**Problem to solve:** Copy exactly the line containing "this 1500×1333 image." and all lines after it, through the last line of the material below; omit everything before it.

**Material provided:**
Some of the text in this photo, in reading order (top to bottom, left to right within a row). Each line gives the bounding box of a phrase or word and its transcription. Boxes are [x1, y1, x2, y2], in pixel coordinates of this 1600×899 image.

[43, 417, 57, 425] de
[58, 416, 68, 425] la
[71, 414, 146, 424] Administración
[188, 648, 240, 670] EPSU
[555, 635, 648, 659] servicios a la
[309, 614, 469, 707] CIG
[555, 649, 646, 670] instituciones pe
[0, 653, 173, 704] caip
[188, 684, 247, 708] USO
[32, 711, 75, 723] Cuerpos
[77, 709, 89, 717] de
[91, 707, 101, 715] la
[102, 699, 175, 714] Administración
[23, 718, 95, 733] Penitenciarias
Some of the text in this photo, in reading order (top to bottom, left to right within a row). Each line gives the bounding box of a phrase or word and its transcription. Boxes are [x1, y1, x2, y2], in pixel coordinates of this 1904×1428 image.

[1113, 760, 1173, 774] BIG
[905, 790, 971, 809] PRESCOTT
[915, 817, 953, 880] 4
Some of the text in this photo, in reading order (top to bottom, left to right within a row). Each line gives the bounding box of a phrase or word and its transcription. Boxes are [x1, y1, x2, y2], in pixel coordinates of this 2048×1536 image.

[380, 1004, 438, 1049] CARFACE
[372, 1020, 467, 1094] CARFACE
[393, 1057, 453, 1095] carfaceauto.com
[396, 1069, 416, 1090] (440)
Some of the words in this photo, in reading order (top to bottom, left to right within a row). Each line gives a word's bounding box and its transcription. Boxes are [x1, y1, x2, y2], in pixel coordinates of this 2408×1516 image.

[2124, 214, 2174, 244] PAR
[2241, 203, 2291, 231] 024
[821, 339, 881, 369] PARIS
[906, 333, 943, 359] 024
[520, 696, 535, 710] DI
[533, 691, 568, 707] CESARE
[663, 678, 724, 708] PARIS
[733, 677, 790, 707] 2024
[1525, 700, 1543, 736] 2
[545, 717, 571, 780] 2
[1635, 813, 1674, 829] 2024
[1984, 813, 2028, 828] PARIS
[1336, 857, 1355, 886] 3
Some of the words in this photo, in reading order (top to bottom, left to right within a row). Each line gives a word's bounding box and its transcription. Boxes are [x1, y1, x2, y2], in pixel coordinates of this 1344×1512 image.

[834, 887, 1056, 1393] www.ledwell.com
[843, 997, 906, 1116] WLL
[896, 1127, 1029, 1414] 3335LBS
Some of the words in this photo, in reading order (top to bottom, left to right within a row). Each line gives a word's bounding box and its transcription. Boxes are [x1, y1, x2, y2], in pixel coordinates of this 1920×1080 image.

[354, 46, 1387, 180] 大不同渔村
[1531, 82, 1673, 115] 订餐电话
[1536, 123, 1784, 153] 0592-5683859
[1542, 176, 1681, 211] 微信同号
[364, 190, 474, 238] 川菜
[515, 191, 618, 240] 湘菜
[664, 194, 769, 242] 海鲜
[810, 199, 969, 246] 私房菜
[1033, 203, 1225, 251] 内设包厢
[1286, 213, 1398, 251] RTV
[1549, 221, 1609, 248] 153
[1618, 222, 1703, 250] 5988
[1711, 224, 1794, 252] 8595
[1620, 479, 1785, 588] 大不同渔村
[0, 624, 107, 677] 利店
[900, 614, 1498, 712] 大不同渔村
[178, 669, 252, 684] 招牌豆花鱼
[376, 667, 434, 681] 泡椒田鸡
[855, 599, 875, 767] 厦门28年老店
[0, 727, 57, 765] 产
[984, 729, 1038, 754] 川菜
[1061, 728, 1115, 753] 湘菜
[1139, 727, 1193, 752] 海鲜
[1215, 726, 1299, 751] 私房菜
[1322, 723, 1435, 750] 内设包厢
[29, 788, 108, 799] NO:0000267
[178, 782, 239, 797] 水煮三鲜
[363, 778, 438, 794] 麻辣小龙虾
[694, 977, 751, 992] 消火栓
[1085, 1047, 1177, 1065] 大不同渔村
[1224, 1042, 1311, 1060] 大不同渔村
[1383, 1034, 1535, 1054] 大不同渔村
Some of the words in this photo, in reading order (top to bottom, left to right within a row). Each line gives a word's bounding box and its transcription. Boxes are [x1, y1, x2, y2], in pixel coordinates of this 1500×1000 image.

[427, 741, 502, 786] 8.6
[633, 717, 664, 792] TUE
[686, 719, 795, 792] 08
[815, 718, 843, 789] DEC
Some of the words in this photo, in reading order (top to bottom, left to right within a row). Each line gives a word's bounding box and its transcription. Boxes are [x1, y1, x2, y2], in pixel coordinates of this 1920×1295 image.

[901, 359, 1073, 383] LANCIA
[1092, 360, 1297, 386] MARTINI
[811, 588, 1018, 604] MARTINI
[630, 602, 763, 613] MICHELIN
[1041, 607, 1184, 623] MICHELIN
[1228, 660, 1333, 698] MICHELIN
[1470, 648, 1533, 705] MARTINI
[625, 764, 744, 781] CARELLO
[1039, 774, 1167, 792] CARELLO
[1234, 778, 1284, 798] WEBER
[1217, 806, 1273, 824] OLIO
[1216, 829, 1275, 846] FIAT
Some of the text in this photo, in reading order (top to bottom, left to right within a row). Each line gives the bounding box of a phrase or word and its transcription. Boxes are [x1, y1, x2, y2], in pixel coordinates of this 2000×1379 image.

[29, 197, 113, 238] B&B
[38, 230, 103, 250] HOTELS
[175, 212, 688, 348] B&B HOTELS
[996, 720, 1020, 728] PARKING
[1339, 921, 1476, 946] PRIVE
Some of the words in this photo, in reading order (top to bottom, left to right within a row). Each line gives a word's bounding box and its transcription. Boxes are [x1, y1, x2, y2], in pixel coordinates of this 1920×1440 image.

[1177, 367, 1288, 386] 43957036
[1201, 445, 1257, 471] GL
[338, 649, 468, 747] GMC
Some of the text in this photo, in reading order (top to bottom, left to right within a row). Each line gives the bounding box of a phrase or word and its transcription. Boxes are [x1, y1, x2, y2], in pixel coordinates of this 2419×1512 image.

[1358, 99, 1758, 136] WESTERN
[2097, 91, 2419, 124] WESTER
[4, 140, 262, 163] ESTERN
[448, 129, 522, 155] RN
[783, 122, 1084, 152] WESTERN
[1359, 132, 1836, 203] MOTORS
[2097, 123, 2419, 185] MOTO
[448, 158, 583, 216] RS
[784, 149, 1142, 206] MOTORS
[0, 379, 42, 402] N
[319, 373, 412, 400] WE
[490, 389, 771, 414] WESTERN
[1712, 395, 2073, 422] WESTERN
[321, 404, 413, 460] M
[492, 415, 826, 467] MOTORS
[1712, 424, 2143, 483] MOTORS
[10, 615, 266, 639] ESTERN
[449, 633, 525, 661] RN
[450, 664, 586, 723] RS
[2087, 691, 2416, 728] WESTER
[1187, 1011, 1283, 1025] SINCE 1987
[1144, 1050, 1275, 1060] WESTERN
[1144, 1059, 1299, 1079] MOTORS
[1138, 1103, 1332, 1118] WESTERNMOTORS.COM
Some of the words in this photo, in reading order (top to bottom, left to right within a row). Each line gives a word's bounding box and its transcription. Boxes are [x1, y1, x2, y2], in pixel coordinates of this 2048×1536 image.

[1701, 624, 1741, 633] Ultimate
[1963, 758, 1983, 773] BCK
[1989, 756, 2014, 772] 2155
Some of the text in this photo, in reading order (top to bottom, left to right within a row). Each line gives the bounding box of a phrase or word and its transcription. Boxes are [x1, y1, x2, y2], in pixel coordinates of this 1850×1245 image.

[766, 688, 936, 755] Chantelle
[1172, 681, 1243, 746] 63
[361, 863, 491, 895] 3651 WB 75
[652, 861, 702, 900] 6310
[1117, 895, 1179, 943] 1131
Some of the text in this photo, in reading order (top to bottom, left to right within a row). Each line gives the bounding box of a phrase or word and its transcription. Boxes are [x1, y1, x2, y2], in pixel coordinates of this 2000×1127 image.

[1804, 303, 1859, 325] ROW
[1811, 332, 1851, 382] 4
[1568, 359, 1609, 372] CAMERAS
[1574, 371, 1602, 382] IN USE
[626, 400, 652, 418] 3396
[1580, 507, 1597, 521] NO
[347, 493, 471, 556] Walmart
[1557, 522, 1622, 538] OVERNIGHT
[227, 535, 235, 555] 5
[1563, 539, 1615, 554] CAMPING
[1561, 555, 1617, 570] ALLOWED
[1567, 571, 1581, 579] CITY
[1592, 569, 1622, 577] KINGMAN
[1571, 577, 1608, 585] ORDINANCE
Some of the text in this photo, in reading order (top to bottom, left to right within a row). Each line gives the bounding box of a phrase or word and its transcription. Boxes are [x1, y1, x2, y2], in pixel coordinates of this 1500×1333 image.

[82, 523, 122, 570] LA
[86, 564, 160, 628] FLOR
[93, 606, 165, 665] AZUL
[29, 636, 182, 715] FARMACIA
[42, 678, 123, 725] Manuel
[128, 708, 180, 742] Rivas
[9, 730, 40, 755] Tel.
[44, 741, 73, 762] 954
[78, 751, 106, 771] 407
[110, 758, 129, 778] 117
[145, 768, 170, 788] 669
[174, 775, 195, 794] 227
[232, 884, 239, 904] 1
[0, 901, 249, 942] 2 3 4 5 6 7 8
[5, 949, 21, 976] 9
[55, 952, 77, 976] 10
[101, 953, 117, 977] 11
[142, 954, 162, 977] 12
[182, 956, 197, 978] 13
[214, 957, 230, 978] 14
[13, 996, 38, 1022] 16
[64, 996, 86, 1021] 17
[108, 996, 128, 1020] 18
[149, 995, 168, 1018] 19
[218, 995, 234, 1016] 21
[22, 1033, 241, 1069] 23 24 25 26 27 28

**Result of this task:**
Some of the text in this photo, in reading order (top to bottom, left to right within a row). Each line gives the bounding box of a phrase or word and its transcription. Boxes are [x1, y1, x2, y2], in pixel coordinates of this 1500×1333 image.

[82, 523, 122, 570] LA
[86, 564, 160, 628] FLOR
[93, 606, 165, 665] AZUL
[29, 636, 182, 715] FARMACIA
[42, 678, 123, 725] Manuel
[128, 708, 180, 742] Rivas
[9, 730, 40, 755] Tel.
[44, 741, 73, 762] 954
[78, 751, 106, 771] 407
[110, 758, 129, 778] 117
[145, 768, 170, 788] 669
[174, 775, 195, 794] 227
[232, 884, 239, 904] 1
[0, 901, 249, 942] 2 3 4 5 6 7 8
[5, 949, 21, 976] 9
[55, 952, 77, 976] 10
[101, 953, 117, 977] 11
[142, 954, 162, 977] 12
[182, 956, 197, 978] 13
[214, 957, 230, 978] 14
[13, 996, 38, 1022] 16
[64, 996, 86, 1021] 17
[108, 996, 128, 1020] 18
[149, 995, 168, 1018] 19
[218, 995, 234, 1016] 21
[22, 1033, 241, 1069] 23 24 25 26 27 28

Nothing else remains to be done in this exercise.